Honestly it felt a little half baked but when it was good, it was amazing (and
my impression was that it was completely free, no option to pay). My armchair
critique:

\- The concept/vision are great and you could be a serious competitor to
Mathematica if you got a product person on board. It has all the power of
mathematica, a more popular programming language (python), and a good user-
acquisition strategy (professors are already using it for college courses...
you just need to get the students to take it with them when they leave the
course).

\- You need a product person / designer because there are serious UX gaps and
the feature-set feels really scattered. For instance, the fact that I had no
idea you could pay is a big red flag.

\- Figure out what your goal is. Are you making Mathematica or Linux? My guess
is it's more towards the former and you should apply to YC.

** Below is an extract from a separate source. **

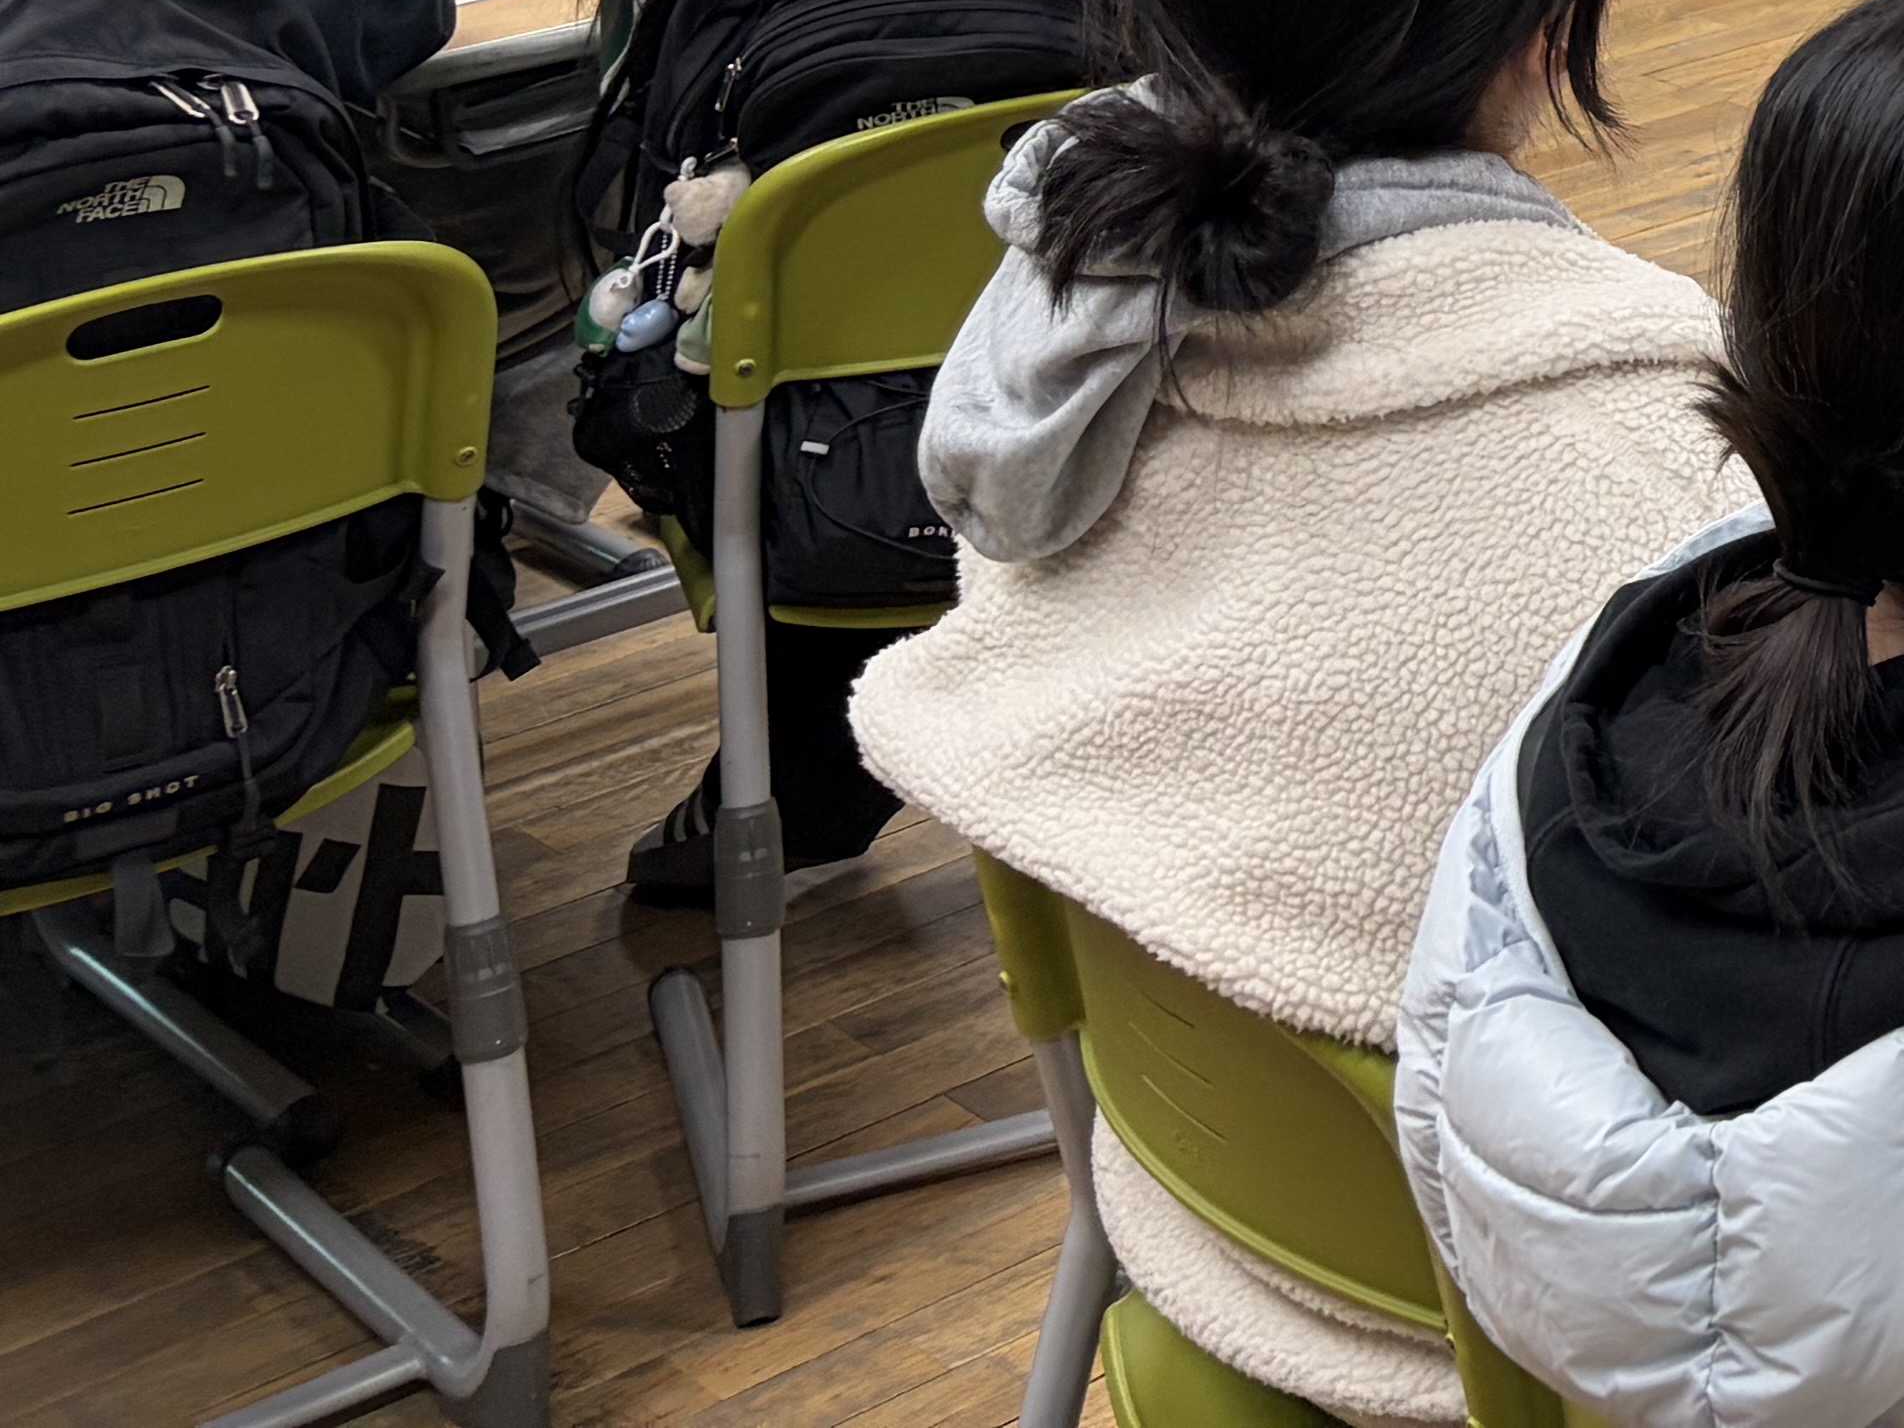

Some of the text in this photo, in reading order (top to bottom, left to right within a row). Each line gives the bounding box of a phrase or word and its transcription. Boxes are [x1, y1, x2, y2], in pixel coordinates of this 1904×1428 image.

Edit: Thanks for making Sage, BTW!

------
volaski
If the goal was to get more developers, I would just go with say.. Rails (or
node, or even Java!) and pgsql. Why use all these hipster technologies? But
who says it's because of the technology stack you're using? Maybe people are
not motivated enough NOT because of the tech stack but because that's how it's
supposed to be. That's a big and risky assumption thinking that you'll get
more developers if you switch to react/flux/rethinkDB. Also, why is this the
top priority when you're seriously considering quitting the project because
you have no money? You should be either: 1. out there raising investment; 2.
Get more users to use your product so you can raise investment; 3. Actually
generate revenue so you don't need investment.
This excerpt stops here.